誘われたがパス。二人に気を使ったというよりは怖いのが苦手、それが理由。結果。その判断は正しかったようだが、だからといって優越感も何もない。
ドアを開けると、飛び込むように中に入ってきたケン。勢いそのままにヒナコを抱きしめ、ヒナコもまた宥めるように背中に手を回す。

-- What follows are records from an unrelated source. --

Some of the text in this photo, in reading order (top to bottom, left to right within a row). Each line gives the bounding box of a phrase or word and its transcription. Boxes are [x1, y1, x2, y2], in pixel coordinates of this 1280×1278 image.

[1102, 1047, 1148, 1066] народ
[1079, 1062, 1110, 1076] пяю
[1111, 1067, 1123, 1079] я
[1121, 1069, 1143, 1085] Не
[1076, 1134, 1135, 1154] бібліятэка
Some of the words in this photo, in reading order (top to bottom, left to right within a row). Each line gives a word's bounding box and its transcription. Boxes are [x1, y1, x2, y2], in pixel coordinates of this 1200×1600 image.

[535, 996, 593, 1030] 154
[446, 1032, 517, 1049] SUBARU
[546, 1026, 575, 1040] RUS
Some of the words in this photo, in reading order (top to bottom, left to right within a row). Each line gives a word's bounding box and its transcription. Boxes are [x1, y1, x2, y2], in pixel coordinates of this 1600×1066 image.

震えている。余程怖かったのだろう。冗談ではなさそうだ。これが演技なら飛躍的な上達ぶりだ。あり得ない。ヒナコはそう思った。
そしてふと浮かび上がってきた不安を口にした。
「ねえ、バレてないよね……?」
「え? あ、ああ。もちろんだよ、へへへっ」
「ばか。違うよ。あっ、こら。ここに逃げて来たこと、バレてないよねって話」
ホラーが苦手とはいえ少しはそういったドラマを見たことがあるからわかる。いや、だからこそ当てはめてしまう。よくあるパターンならこのアパートの前にミナが……もしくは……
「そうだ、電話とか掛かってきたり……」
「え? 電話?」
「そう、ミナから。人のものとは思えないような恐ろしい声でさ……」
「お、脅かすなよ……。マジやばかったんだってば、白目剥いて喉鳴らしてさぁ、いやぁもう無理だわ。元に戻っても思い出したら萎えちゃうよ。へへへ」
「あ、だから、やめて」
「いーじゃんさぁ。今夜はこのまま、へへへへ、あっ、え……」
「どうしたの? まさか、着信が」
「いや、通話中になってた。なんでだろ?」
「相手は、あっ、ミナ……? これ、聞こえてたり」
『やぁっぱぁりぃ浮気ぃしてたぁなぁぁぁ……』
恐ろしい声であった。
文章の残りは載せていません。